What to work on: Where the listing shows an image, skip it and output all other material unchanged.
# # # #
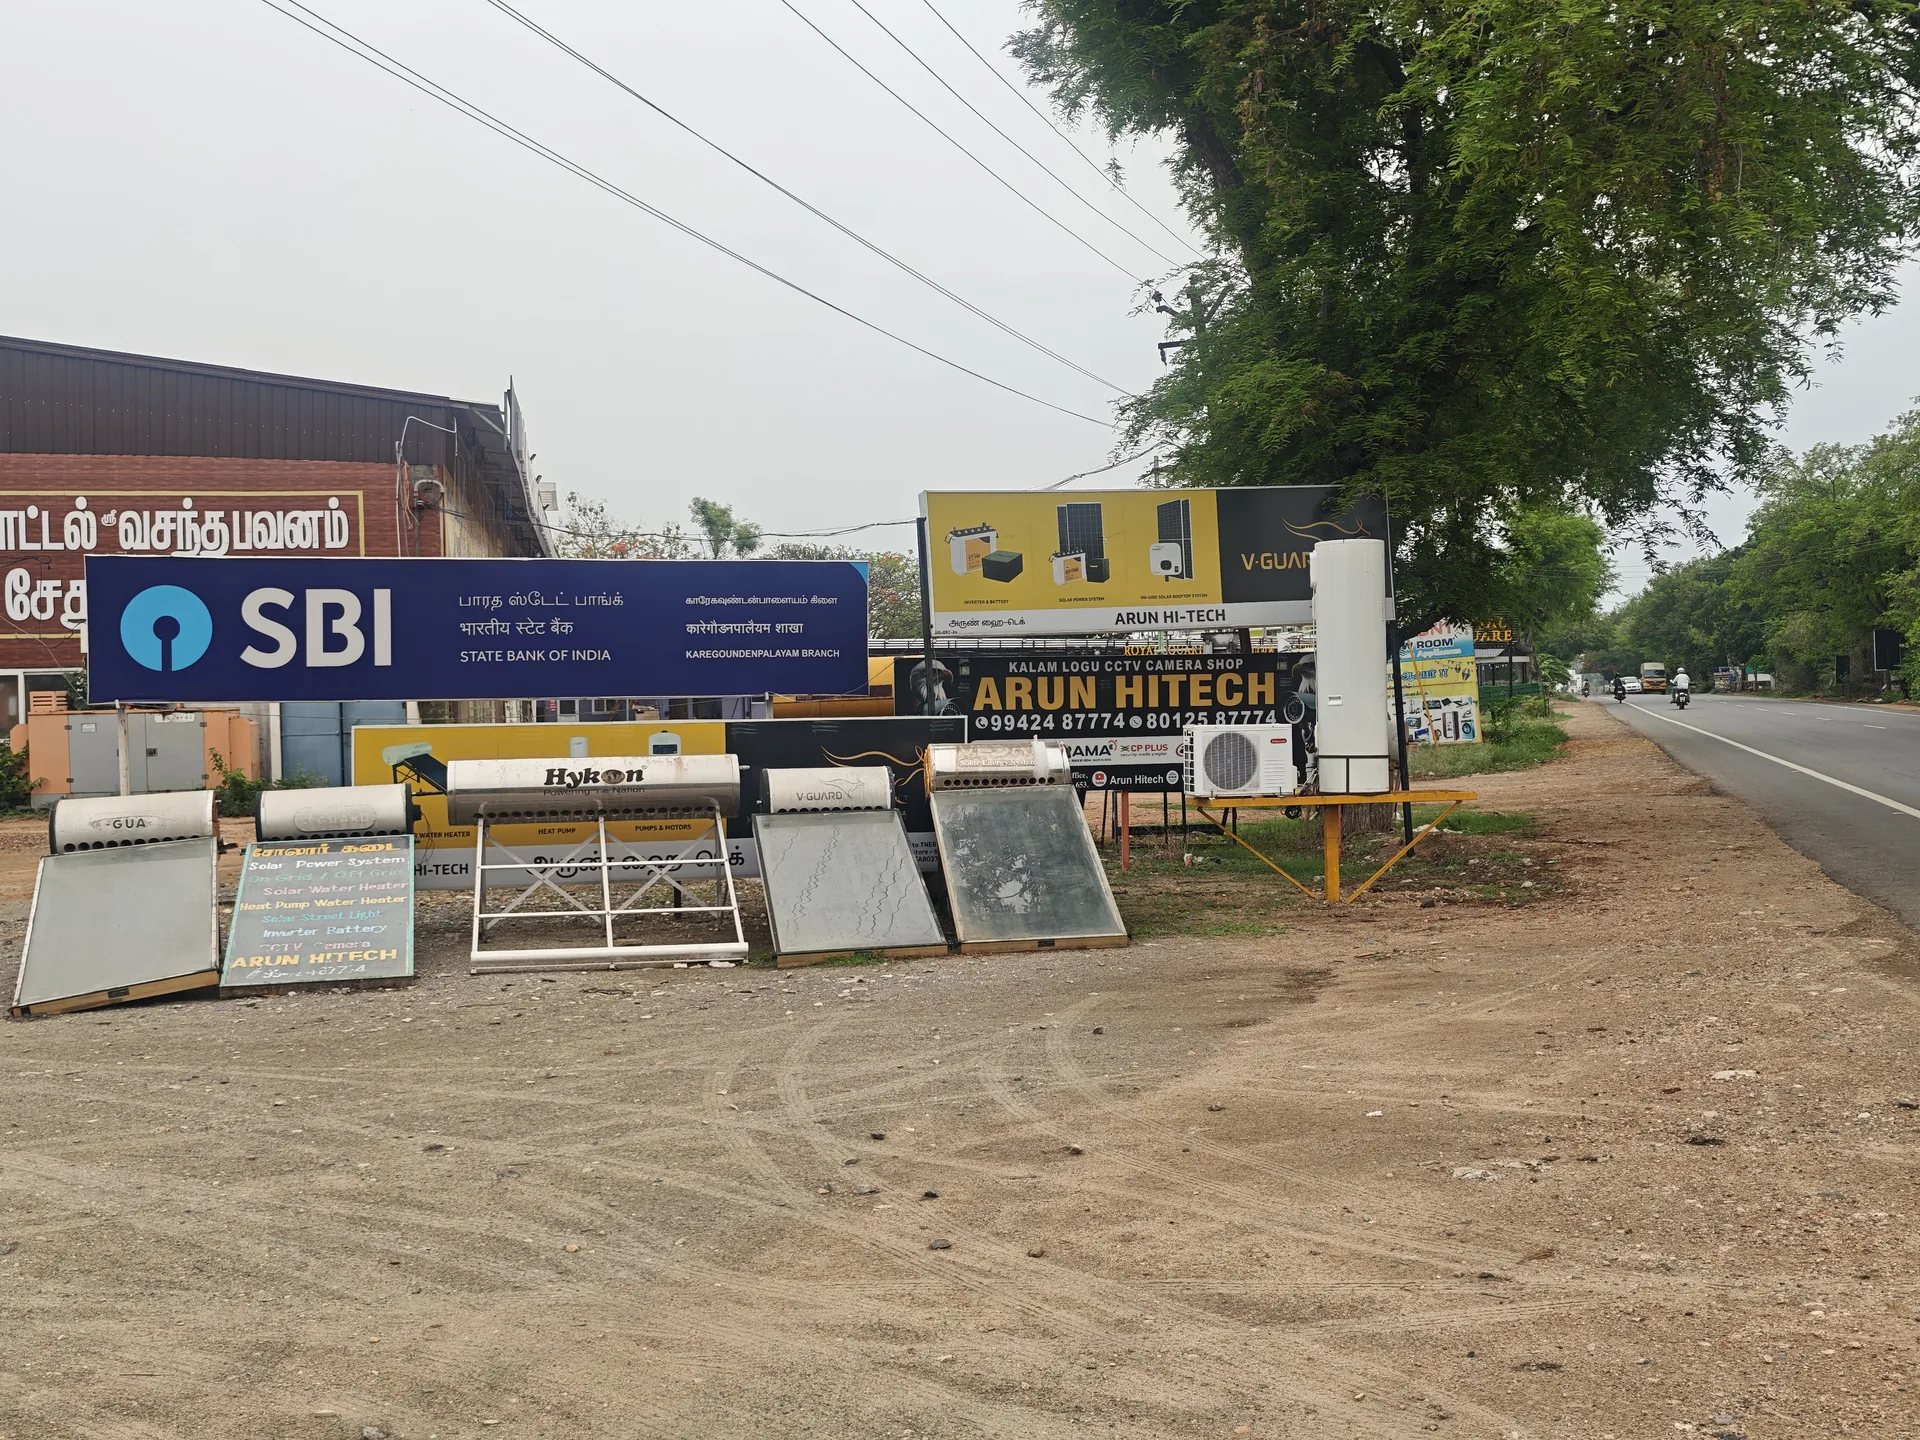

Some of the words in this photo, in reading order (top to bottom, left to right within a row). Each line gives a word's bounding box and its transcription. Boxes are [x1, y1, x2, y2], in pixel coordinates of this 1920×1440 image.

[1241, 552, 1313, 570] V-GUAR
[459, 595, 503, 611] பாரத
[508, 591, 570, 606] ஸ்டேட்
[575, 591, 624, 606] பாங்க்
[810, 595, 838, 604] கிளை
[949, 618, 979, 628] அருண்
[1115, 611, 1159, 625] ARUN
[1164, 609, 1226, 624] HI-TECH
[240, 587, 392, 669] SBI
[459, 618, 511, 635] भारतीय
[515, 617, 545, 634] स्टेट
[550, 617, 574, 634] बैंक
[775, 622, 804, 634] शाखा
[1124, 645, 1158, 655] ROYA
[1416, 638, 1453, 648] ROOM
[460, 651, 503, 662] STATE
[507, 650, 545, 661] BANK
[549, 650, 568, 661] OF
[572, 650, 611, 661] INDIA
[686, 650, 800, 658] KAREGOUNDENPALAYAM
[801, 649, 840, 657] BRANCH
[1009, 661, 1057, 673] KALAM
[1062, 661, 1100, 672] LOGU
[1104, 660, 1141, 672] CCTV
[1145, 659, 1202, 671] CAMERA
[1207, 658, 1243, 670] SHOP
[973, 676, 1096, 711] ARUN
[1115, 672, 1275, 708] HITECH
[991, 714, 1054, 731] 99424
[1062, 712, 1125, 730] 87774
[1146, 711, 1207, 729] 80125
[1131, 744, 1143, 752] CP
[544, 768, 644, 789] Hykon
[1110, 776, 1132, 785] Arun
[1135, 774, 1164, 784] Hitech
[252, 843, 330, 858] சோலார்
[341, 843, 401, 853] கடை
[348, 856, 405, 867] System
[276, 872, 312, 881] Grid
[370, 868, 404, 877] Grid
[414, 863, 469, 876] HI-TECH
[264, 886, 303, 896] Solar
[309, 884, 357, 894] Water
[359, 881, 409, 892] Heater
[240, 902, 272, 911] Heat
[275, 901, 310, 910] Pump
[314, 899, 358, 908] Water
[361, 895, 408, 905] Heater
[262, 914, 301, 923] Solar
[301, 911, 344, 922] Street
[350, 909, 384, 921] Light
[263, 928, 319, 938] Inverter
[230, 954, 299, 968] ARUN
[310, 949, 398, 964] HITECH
# # # #
Solution:
Some of the words in this photo, in reading order (top to bottom, left to right within a row). Each line gives a word's bounding box and its transcription. Boxes are [x1, y1, x2, y2], in pixel coordinates of this 1920×1440 image.

[1241, 552, 1313, 570] V-GUAR
[459, 595, 503, 611] பாரத
[508, 591, 570, 606] ஸ்டேட்
[575, 591, 624, 606] பாங்க்
[810, 595, 838, 604] கிளை
[949, 618, 979, 628] அருண்
[1115, 611, 1159, 625] ARUN
[1164, 609, 1226, 624] HI-TECH
[240, 587, 392, 669] SBI
[459, 618, 511, 635] भारतीय
[515, 617, 545, 634] स्टेट
[550, 617, 574, 634] बैंक
[775, 622, 804, 634] शाखा
[1124, 645, 1158, 655] ROYA
[1416, 638, 1453, 648] ROOM
[460, 651, 503, 662] STATE
[507, 650, 545, 661] BANK
[549, 650, 568, 661] OF
[572, 650, 611, 661] INDIA
[686, 650, 800, 658] KAREGOUNDENPALAYAM
[801, 649, 840, 657] BRANCH
[1009, 661, 1057, 673] KALAM
[1062, 661, 1100, 672] LOGU
[1104, 660, 1141, 672] CCTV
[1145, 659, 1202, 671] CAMERA
[1207, 658, 1243, 670] SHOP
[973, 676, 1096, 711] ARUN
[1115, 672, 1275, 708] HITECH
[991, 714, 1054, 731] 99424
[1062, 712, 1125, 730] 87774
[1146, 711, 1207, 729] 80125
[1131, 744, 1143, 752] CP
[544, 768, 644, 789] Hykon
[1110, 776, 1132, 785] Arun
[1135, 774, 1164, 784] Hitech
[252, 843, 330, 858] சோலார்
[341, 843, 401, 853] கடை
[348, 856, 405, 867] System
[276, 872, 312, 881] Grid
[370, 868, 404, 877] Grid
[414, 863, 469, 876] HI-TECH
[264, 886, 303, 896] Solar
[309, 884, 357, 894] Water
[359, 881, 409, 892] Heater
[240, 902, 272, 911] Heat
[275, 901, 310, 910] Pump
[314, 899, 358, 908] Water
[361, 895, 408, 905] Heater
[262, 914, 301, 923] Solar
[301, 911, 344, 922] Street
[350, 909, 384, 921] Light
[263, 928, 319, 938] Inverter
[230, 954, 299, 968] ARUN
[310, 949, 398, 964] HITECH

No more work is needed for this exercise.